■ Exercise directions
Lines before the one containing "this 1920×1279 image." are left out; return that line and every line after it exactly, through the end of the data below.
START Records for the exercise
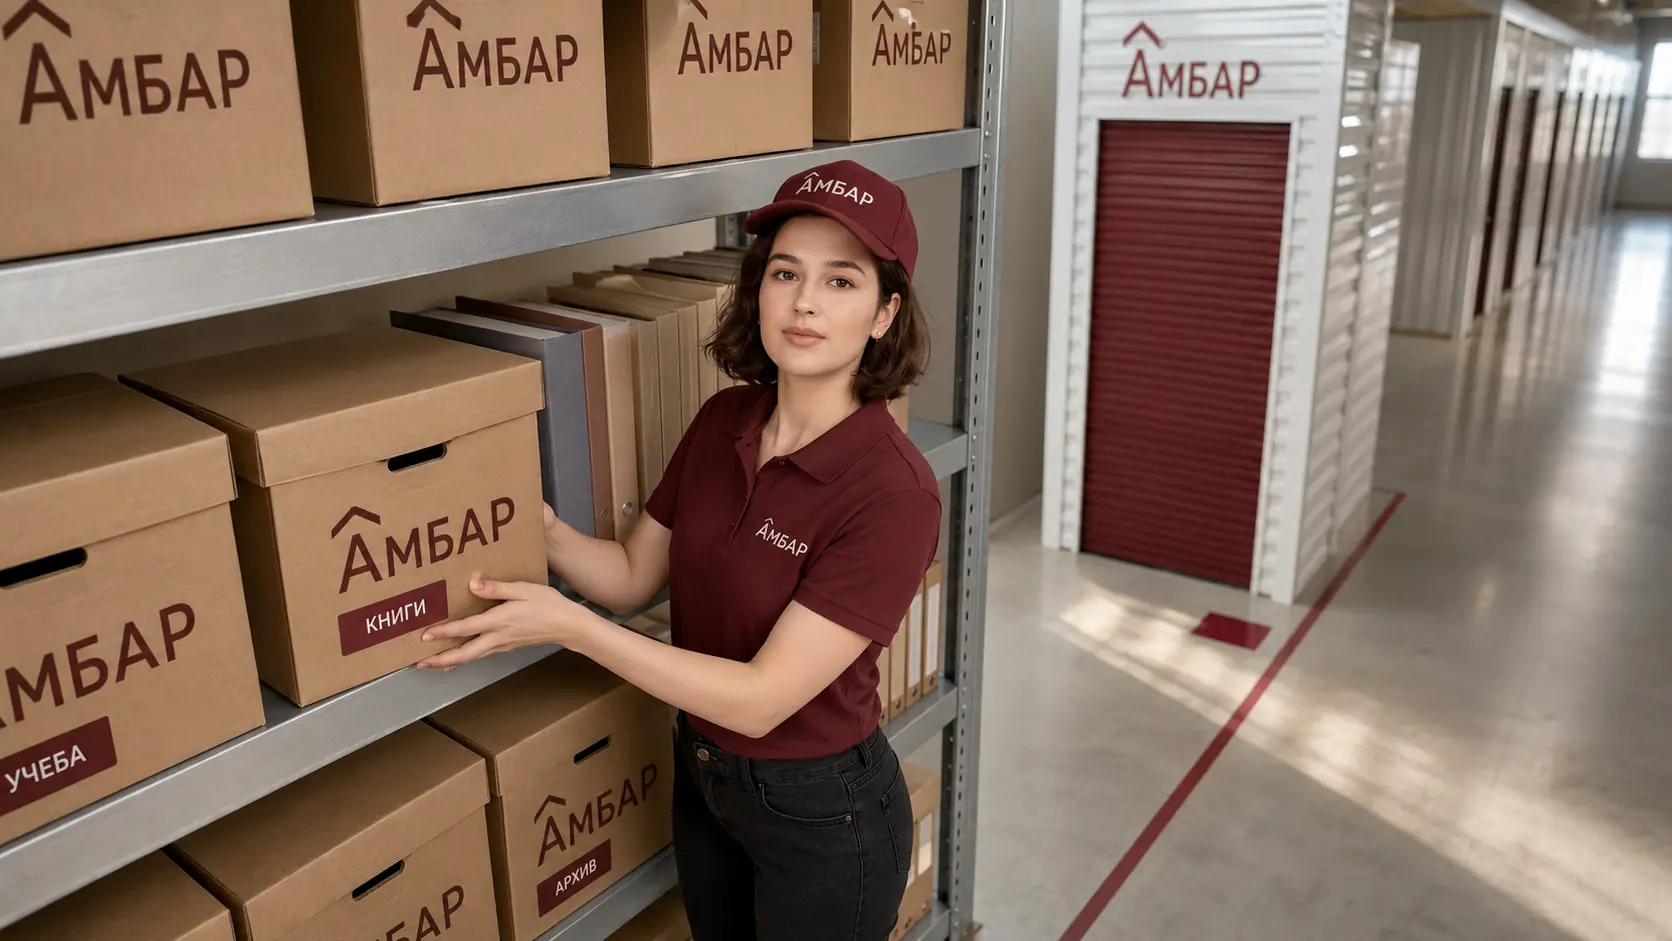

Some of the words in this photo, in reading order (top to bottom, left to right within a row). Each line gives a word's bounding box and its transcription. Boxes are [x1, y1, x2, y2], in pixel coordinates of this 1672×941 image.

[413, 28, 579, 91] АМБАР
[677, 21, 793, 75] АМБАР
[872, 23, 952, 66] АМБАР
[19, 43, 250, 125] АМБАР
[1121, 49, 1262, 99] АМБАР
[795, 177, 874, 206] АМБАР
[338, 496, 516, 594] АМБАР
[755, 522, 808, 557] АМБАР
[365, 598, 427, 634] КНИГИ
[0, 602, 196, 730] МБАР
[4, 744, 87, 794] УЧЕБА
[537, 763, 659, 868] АМБАР
[555, 858, 597, 896] АРХИВ
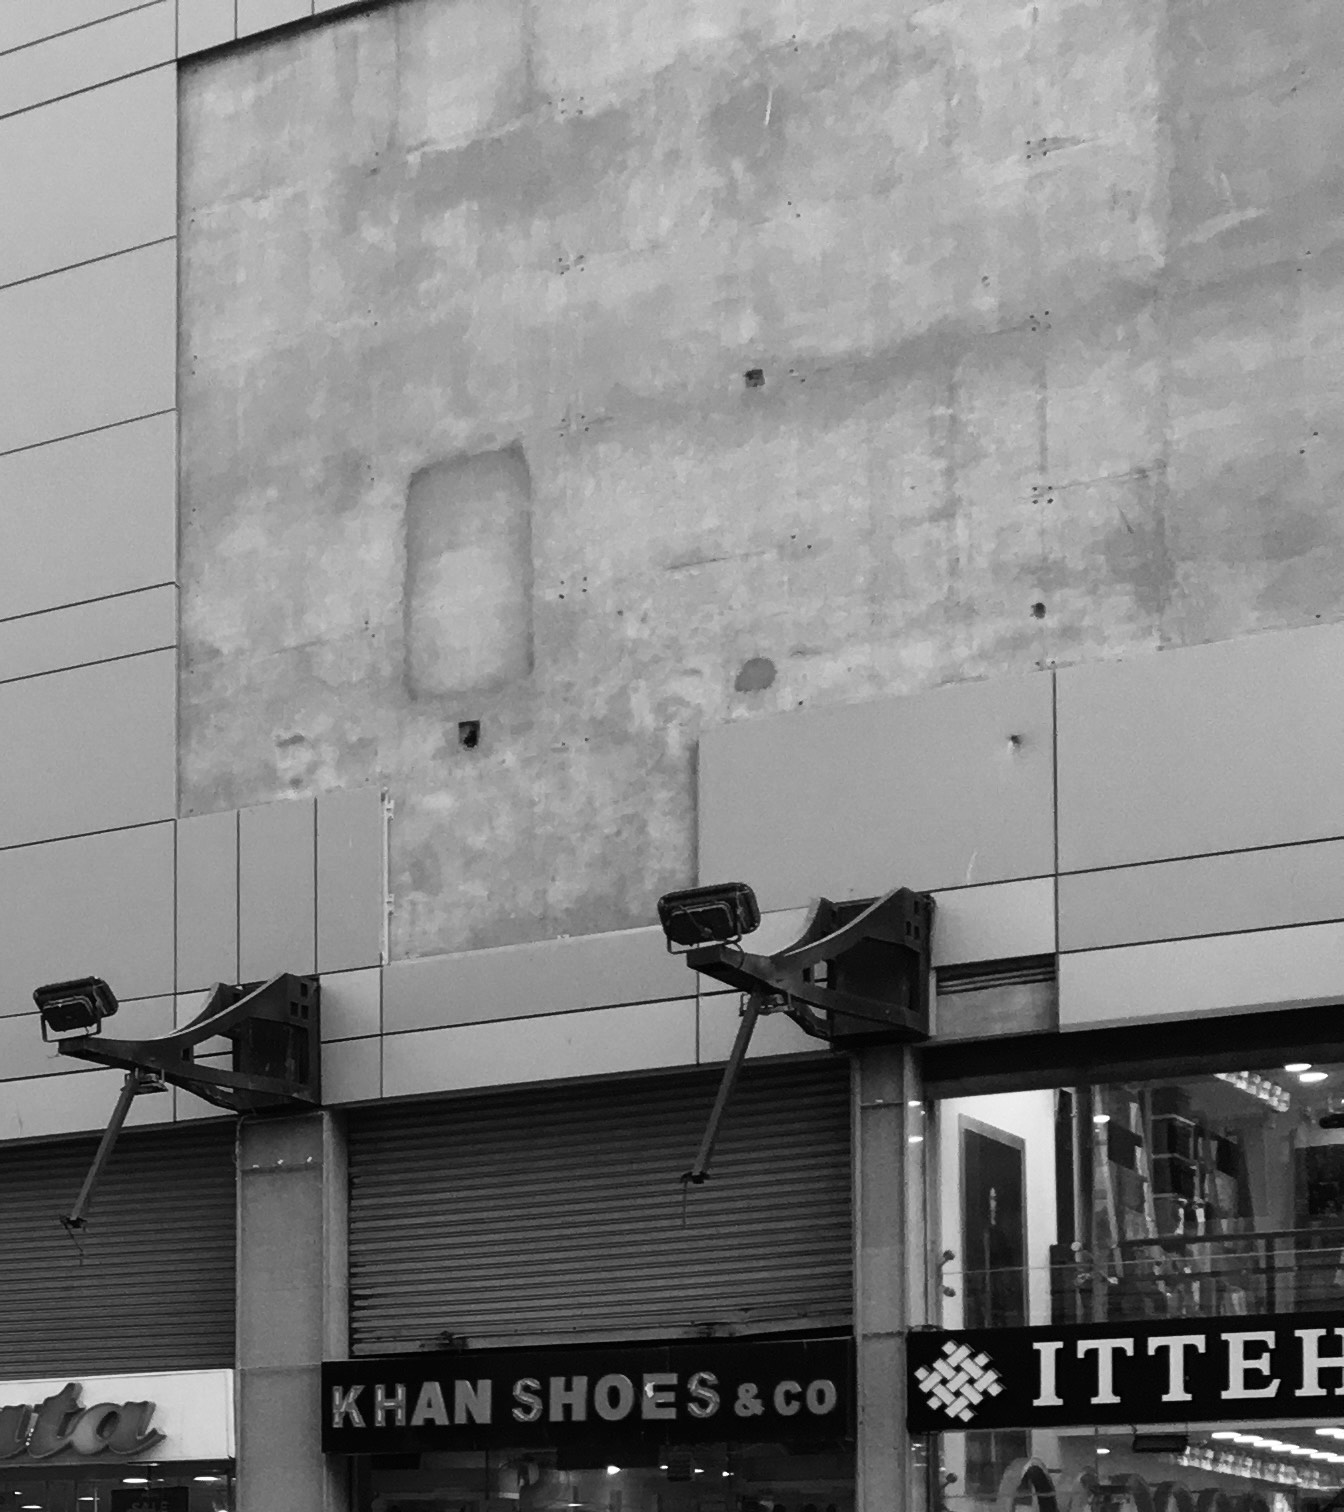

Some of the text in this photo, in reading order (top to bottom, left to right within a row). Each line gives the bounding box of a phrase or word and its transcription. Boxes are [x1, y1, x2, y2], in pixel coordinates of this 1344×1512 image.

[332, 1380, 492, 1428] KHAN
[512, 1371, 720, 1423] SHOES
[1032, 1327, 1344, 1407] ITTEH
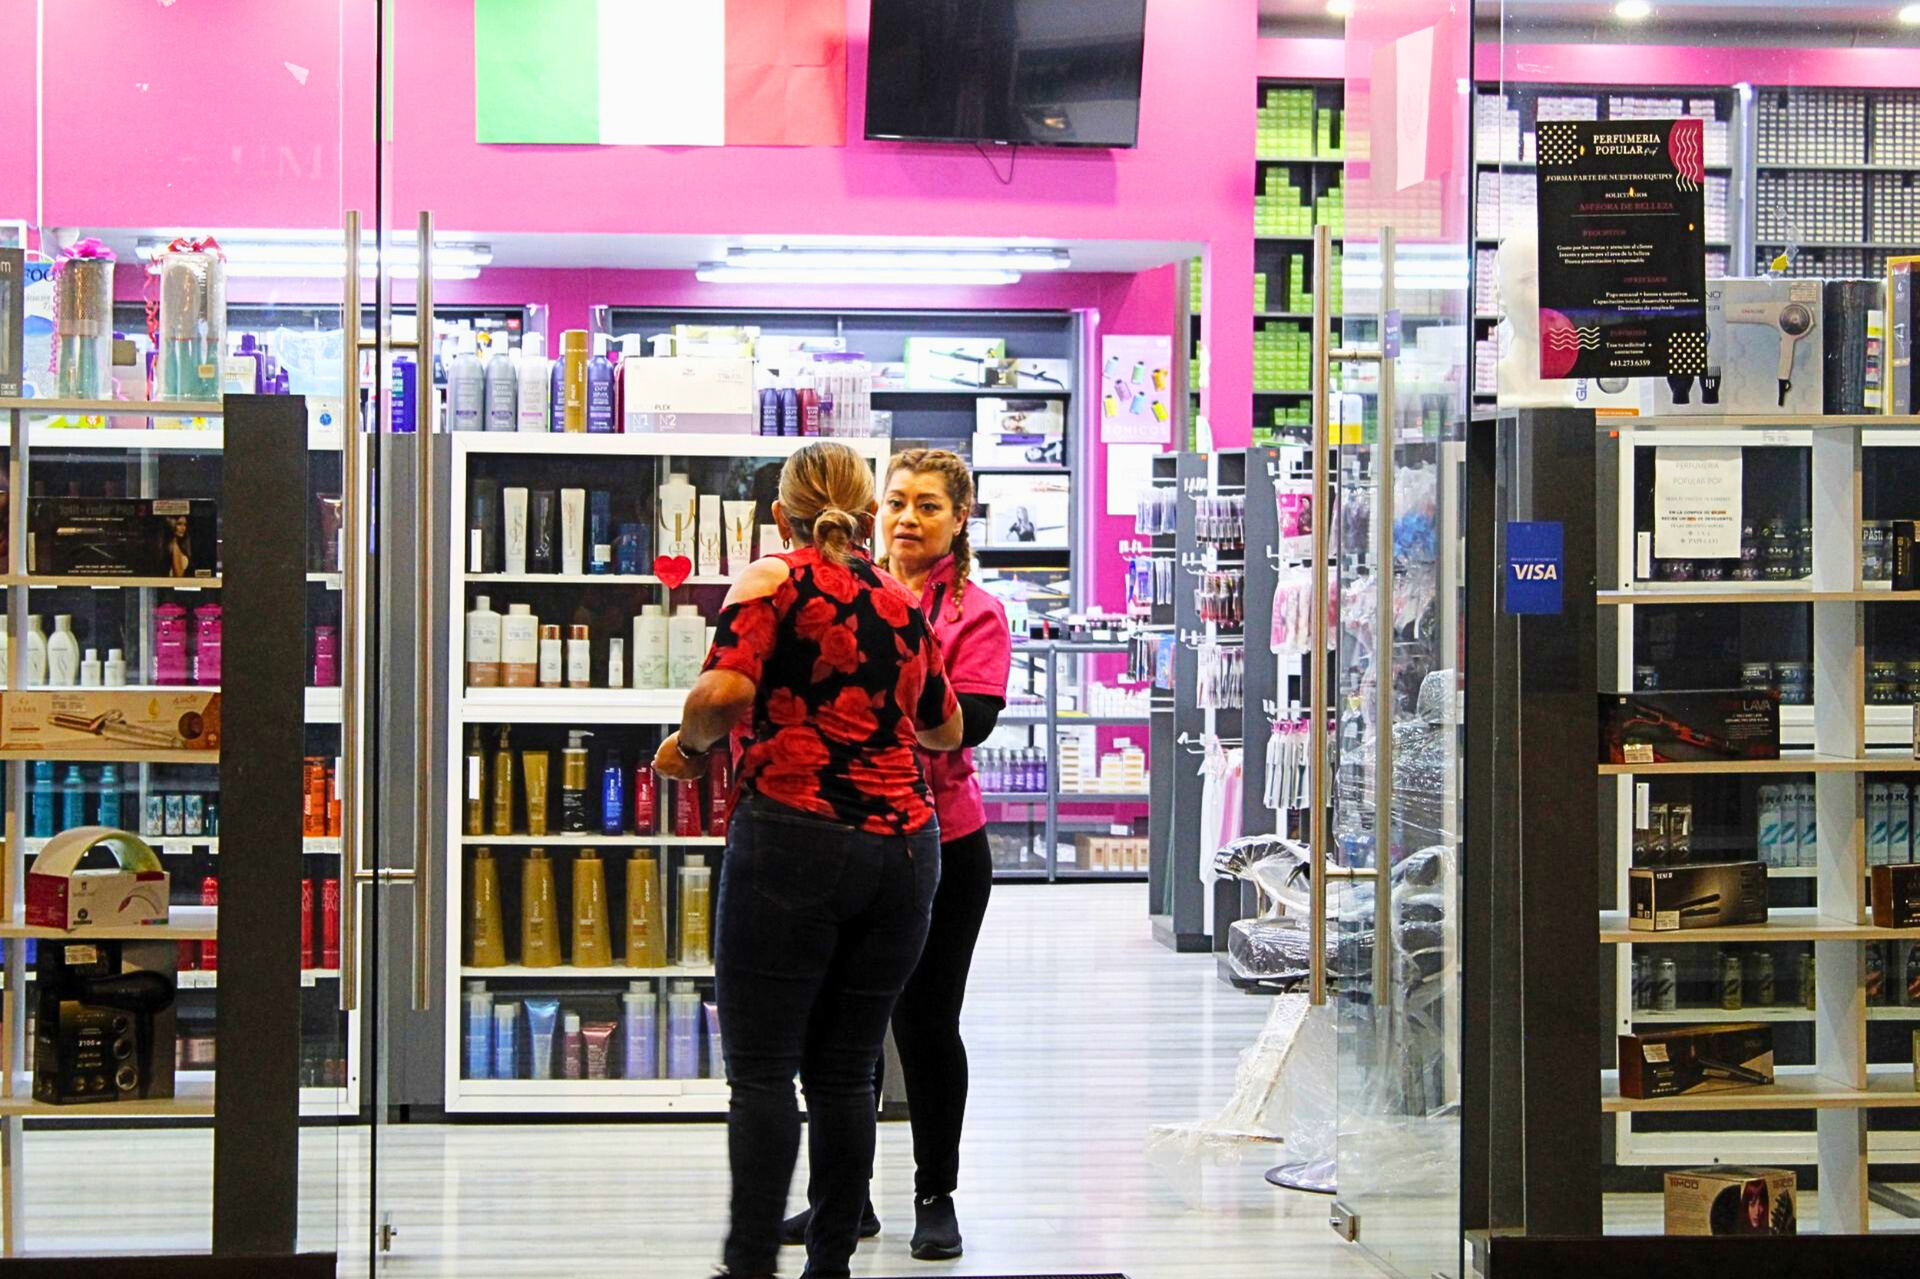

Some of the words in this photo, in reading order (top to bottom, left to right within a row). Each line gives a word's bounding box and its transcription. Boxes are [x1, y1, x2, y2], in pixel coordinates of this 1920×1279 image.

[1593, 134, 1661, 144] PERFUMERIA
[1595, 145, 1643, 155] POPULAR
[1579, 202, 1618, 211] ASESORA
[1635, 202, 1674, 210] BELLEZA
[1511, 564, 1557, 580] VISA
END Records for the exercise
■ Expected answer
Some of the words in this photo, in reading order (top to bottom, left to right within a row). Each line gives a word's bounding box and its transcription. Boxes are [x1, y1, x2, y2], in pixel coordinates of this 1920×1279 image.

[1593, 134, 1661, 144] PERFUMERIA
[1595, 145, 1643, 155] POPULAR
[1579, 202, 1618, 211] ASESORA
[1635, 202, 1674, 210] BELLEZA
[1511, 564, 1557, 580] VISA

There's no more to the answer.